**WORK REQUEST:** Return the data below unchanged. Drop any pictures.
_____
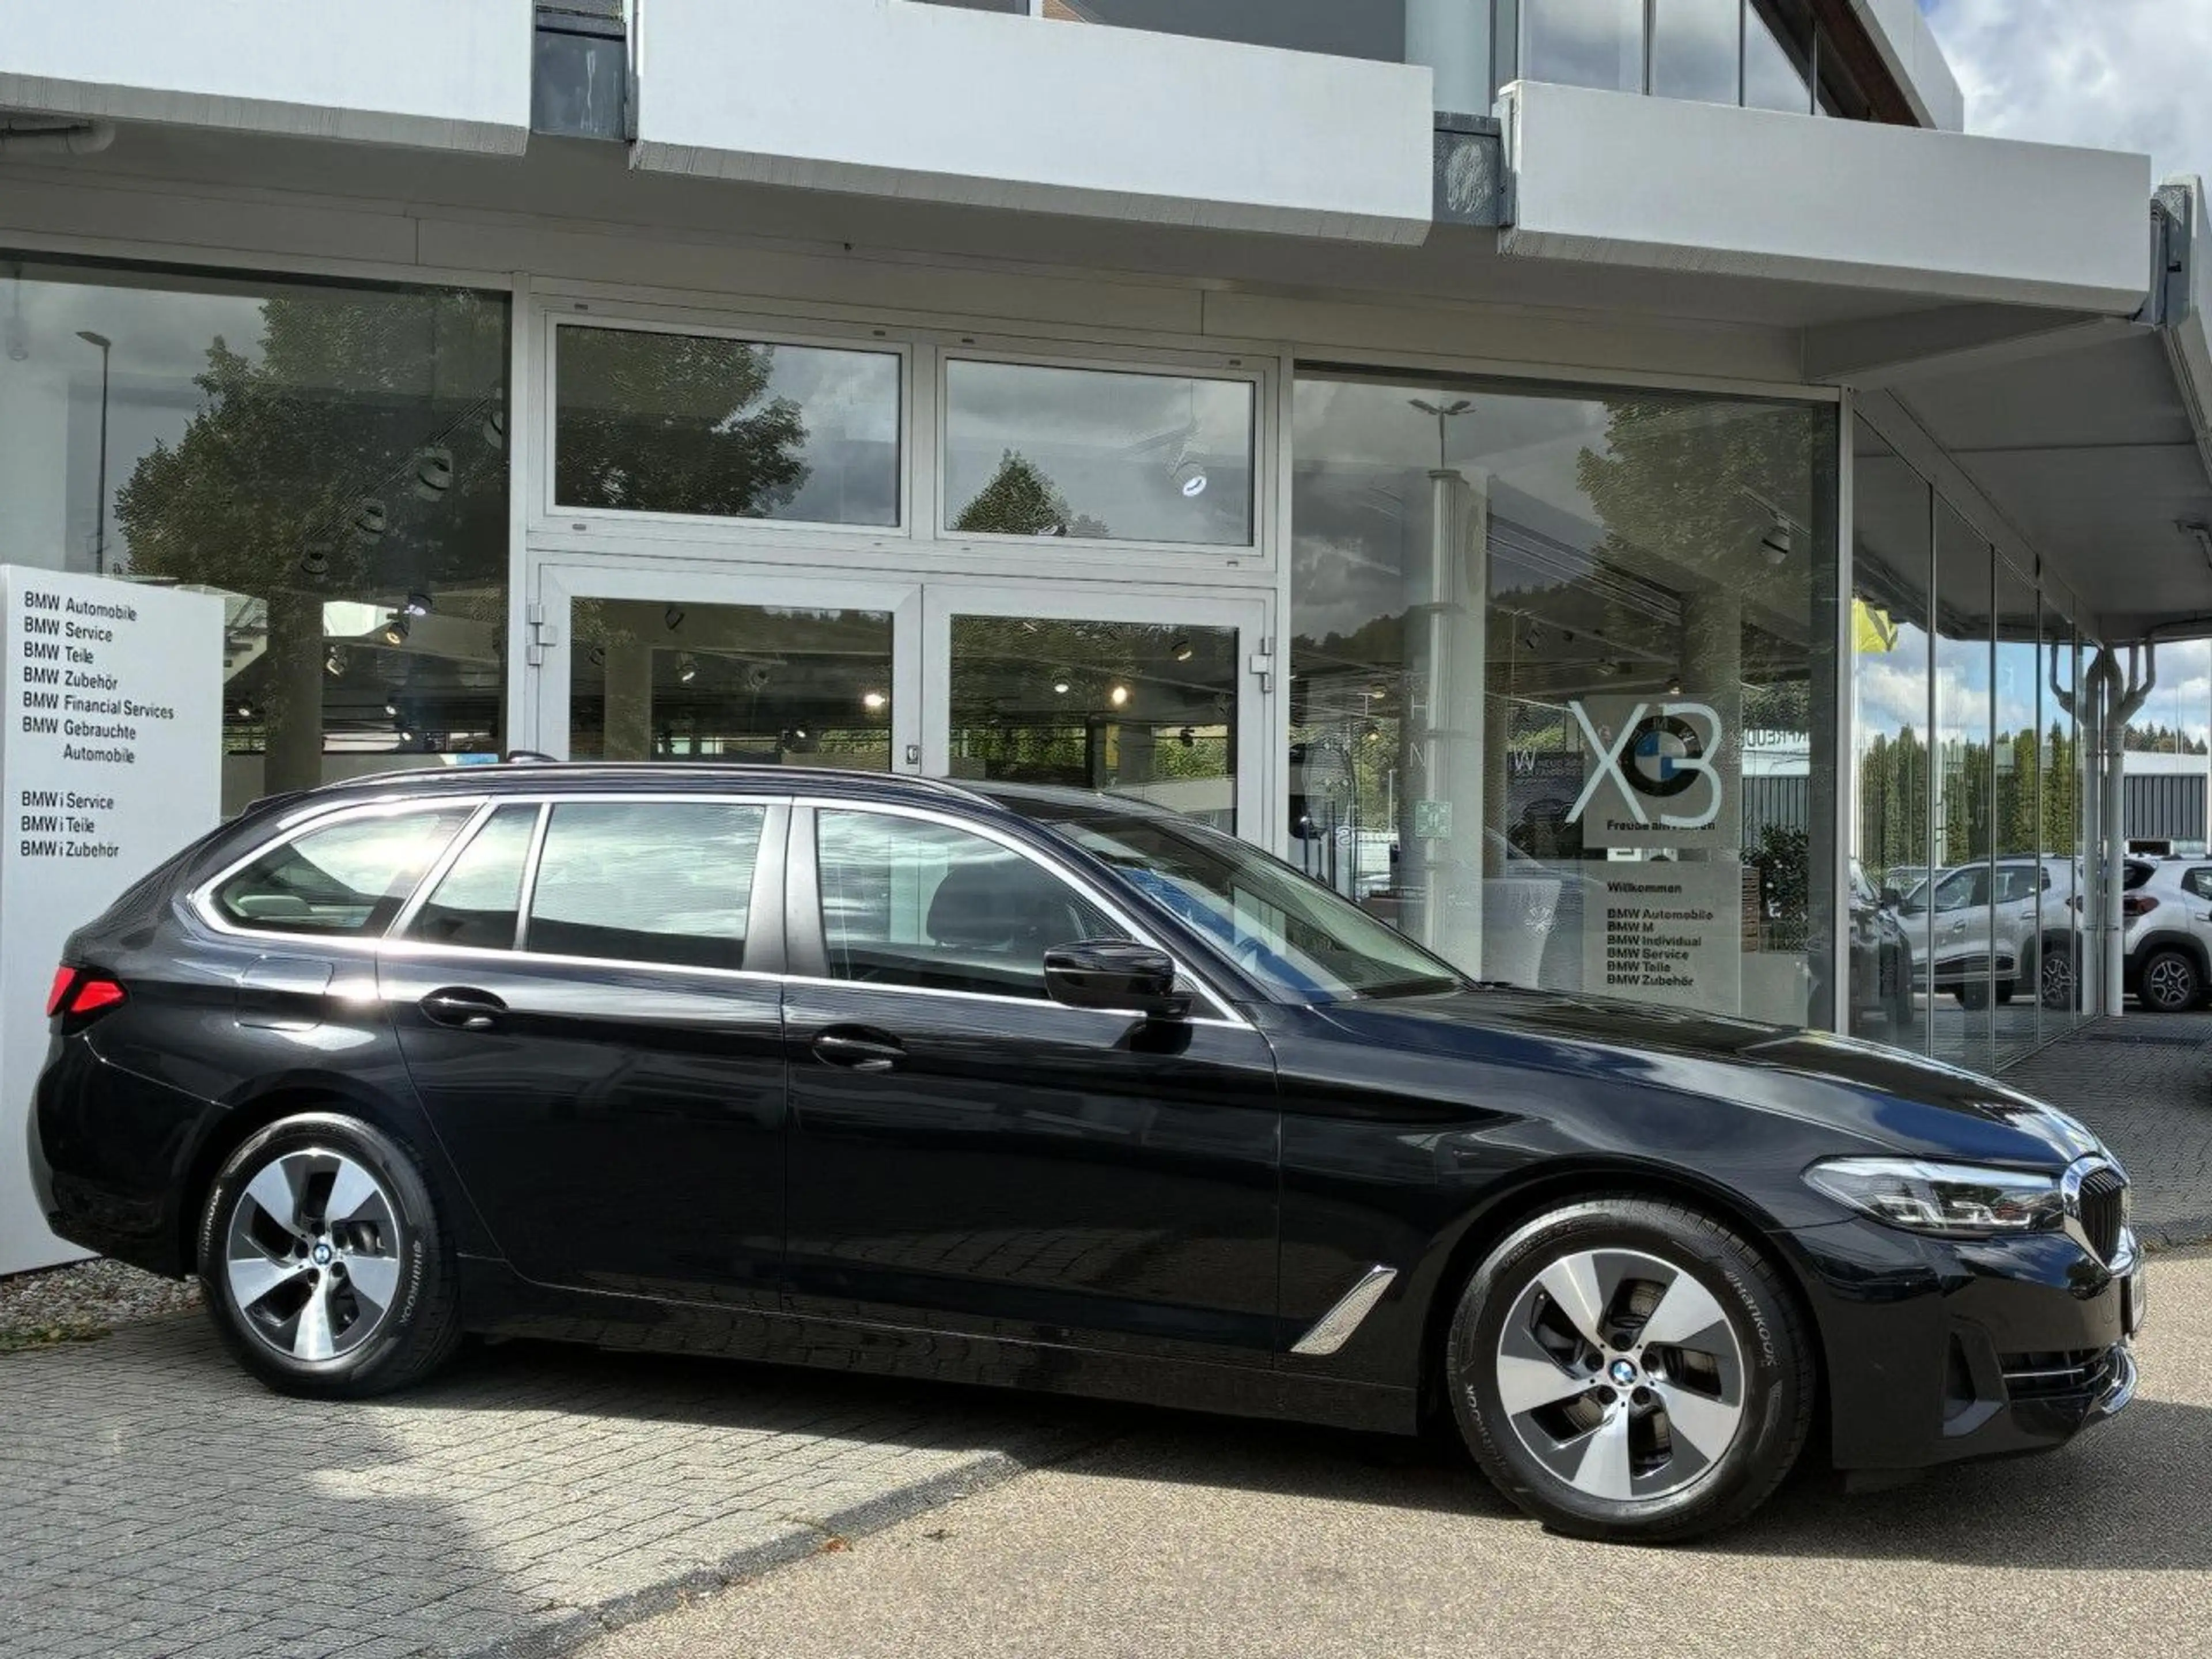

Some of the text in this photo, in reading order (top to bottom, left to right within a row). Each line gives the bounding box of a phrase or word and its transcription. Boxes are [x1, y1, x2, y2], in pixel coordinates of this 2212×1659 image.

[25, 591, 137, 621] BMW Automobile
[24, 616, 113, 642] BMW Service
[24, 641, 94, 664] BMW Teile
[24, 666, 118, 690] BMW Zubehör
[23, 691, 174, 719] BMW Financial Services
[22, 716, 136, 740] BMW Gebrauchte
[63, 744, 135, 763] Automobile
[1565, 700, 1722, 827] X3
[22, 791, 114, 809] BMW i Service
[21, 816, 94, 833] BMW i Teile
[21, 840, 119, 858] BMW i Zubehör
[1607, 881, 1682, 893] Willkommen
[1607, 908, 1714, 921] BMW Automobile
[1607, 922, 1654, 932] BMW M
[1607, 935, 1702, 946] BMW Individual
[1607, 948, 1689, 960] BMW Service
[1607, 961, 1671, 972] BMW Teile
[1607, 974, 1694, 986] BMW Zubehör
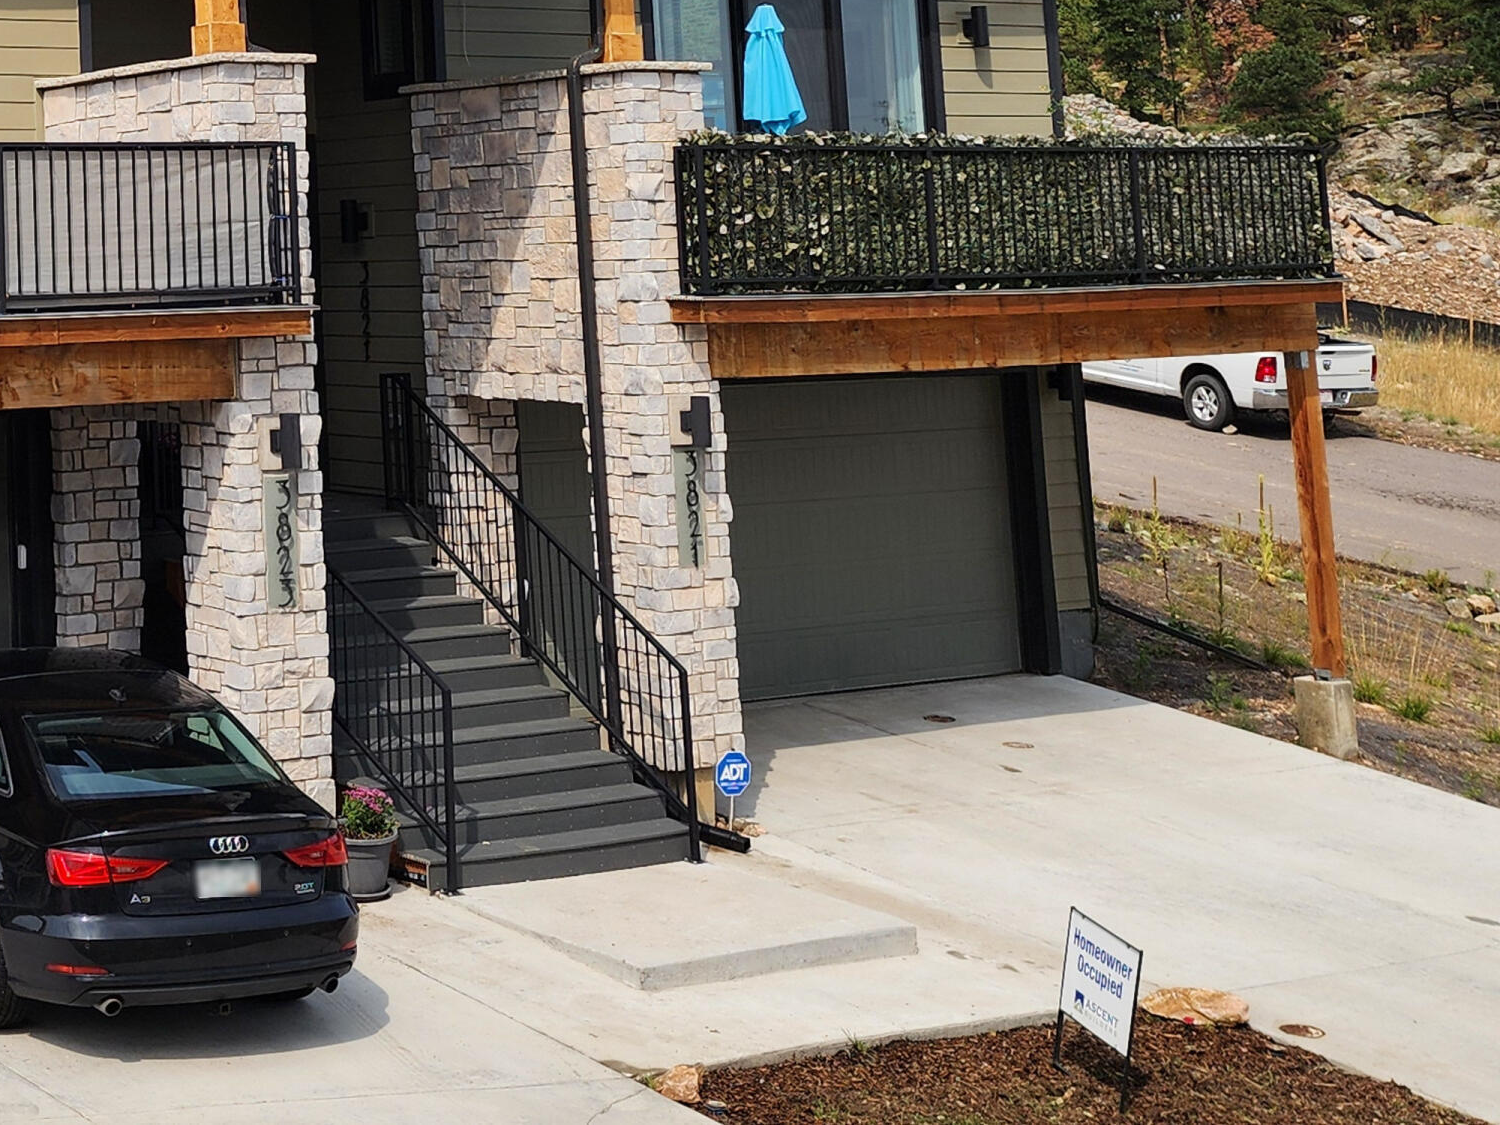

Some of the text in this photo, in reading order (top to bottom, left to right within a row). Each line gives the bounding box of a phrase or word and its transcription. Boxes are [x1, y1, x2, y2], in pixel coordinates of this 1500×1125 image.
_____
**EXPECTED ANSWER:**
Some of the text in this photo, in reading order (top to bottom, left to right within a row). Each line gives the bounding box of a phrase or word and its transcription. Boxes are [x1, y1, x2, y2], in pixel coordinates of this 2212×1659 image.

[25, 591, 137, 621] BMW Automobile
[24, 616, 113, 642] BMW Service
[24, 641, 94, 664] BMW Teile
[24, 666, 118, 690] BMW Zubehör
[23, 691, 174, 719] BMW Financial Services
[22, 716, 136, 740] BMW Gebrauchte
[63, 744, 135, 763] Automobile
[1565, 700, 1722, 827] X3
[22, 791, 114, 809] BMW i Service
[21, 816, 94, 833] BMW i Teile
[21, 840, 119, 858] BMW i Zubehör
[1607, 881, 1682, 893] Willkommen
[1607, 908, 1714, 921] BMW Automobile
[1607, 922, 1654, 932] BMW M
[1607, 935, 1702, 946] BMW Individual
[1607, 948, 1689, 960] BMW Service
[1607, 961, 1671, 972] BMW Teile
[1607, 974, 1694, 986] BMW Zubehör

Some of the text in this photo, in reading order (top to bottom, left to right within a row). Each line gives the bounding box of a phrase or word and its transcription. Boxes are [x1, y1, x2, y2], in pixel coordinates of this 1500×1125 image.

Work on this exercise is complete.